Since Elm compiles to JavaScript, all the new development features from JavaScript, HTML, and CSS are also instantly available in Elm. I.e. it's not necessary to change Elm all the time to keep it up to date with the web platform. For non-stop Elm content check out all the communities at https://elm-lang.org/community

machine_ghost · 6 months ago
It may not be dead, but it does seem a bit stagnant. Based on Google Trends at least (https://trends.google.com/trends/explore?date=today%205-y&ge...), Elm has the same general interest level as it did five years ago (despite going up a bit in-between).
smitop · 6 months ago
Most people searching for "elm" are researching elm trees, not the language - the highest search activity was in May 2010, before Elm existed.
fortran77 · 6 months ago
I loved Elm, and it's disappointing it never achieved critical mass. We wrote a few front-ends with it about 6 years ago. Very easy to write, debug, and deploy
jgilias · 6 months ago
Me too. It’s one of the big “could’ve been” in my opinion.

Though I’m convinced it didn’t reach critical mass purely because of community management issues mentioned in the post. Too many people just threw their hands in the air and divested from Elm because of it. Not everybody wrote a blog post about it.

wk_end · 6 months ago
While those community management issues probably didn't help, I don't think Elm's failure to break out can be placed purely on their shoulders.

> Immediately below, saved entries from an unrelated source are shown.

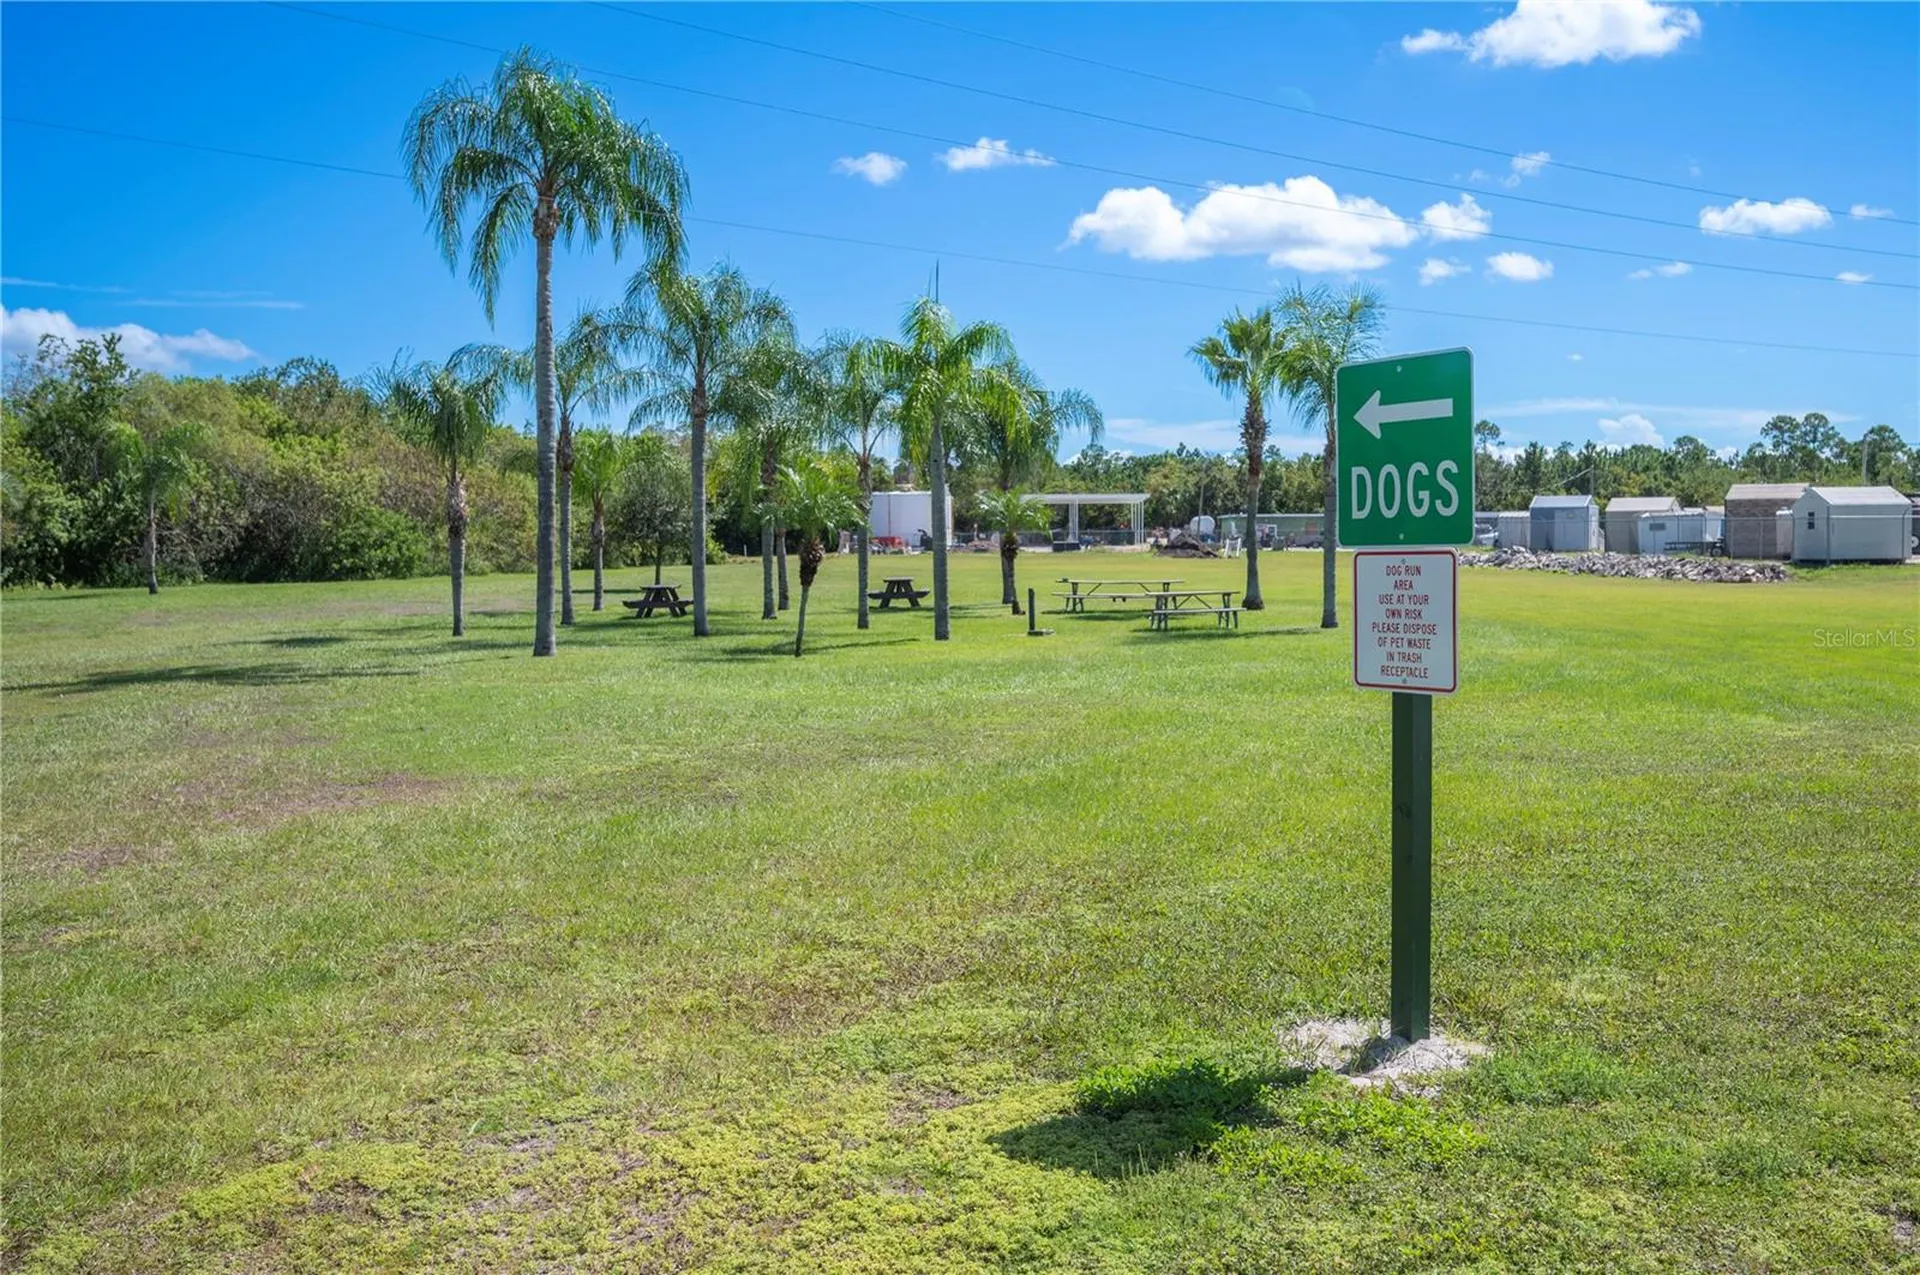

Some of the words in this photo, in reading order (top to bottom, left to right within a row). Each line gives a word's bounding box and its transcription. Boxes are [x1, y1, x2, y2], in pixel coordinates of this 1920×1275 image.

[1351, 459, 1459, 519] DOGS
[1386, 566, 1402, 576] DOG
[1405, 566, 1421, 576] RUN
[1394, 580, 1413, 590] AREA
[1379, 594, 1393, 605] USE
[1396, 594, 1405, 605] AT
[1408, 594, 1429, 605] YOUR
[1385, 609, 1402, 619] OWN
[1405, 609, 1422, 620] RISK
[1372, 622, 1400, 634] PLEASE
[1403, 623, 1437, 635] DISPOSE
[1377, 637, 1388, 647] OF
[1390, 637, 1404, 648] PET
[1407, 638, 1431, 650] WASTE
[1386, 651, 1395, 662] IN
[1398, 652, 1422, 664] TRASH
[1380, 666, 1429, 679] RECEPTACLE

The big reason why it - and all the other typed/functional compile to JS languages (PureScript, Reason, etc.) - remained niche is because TypeScript came along. It integrated with the ecosystem more seamlessly, was instantly comfortable for JS devs, and was backed by MS who gave it first-class support in VSCode. Arguably TypeScript is not as good as those other languages, but none of them are better enough to overcome those network effects.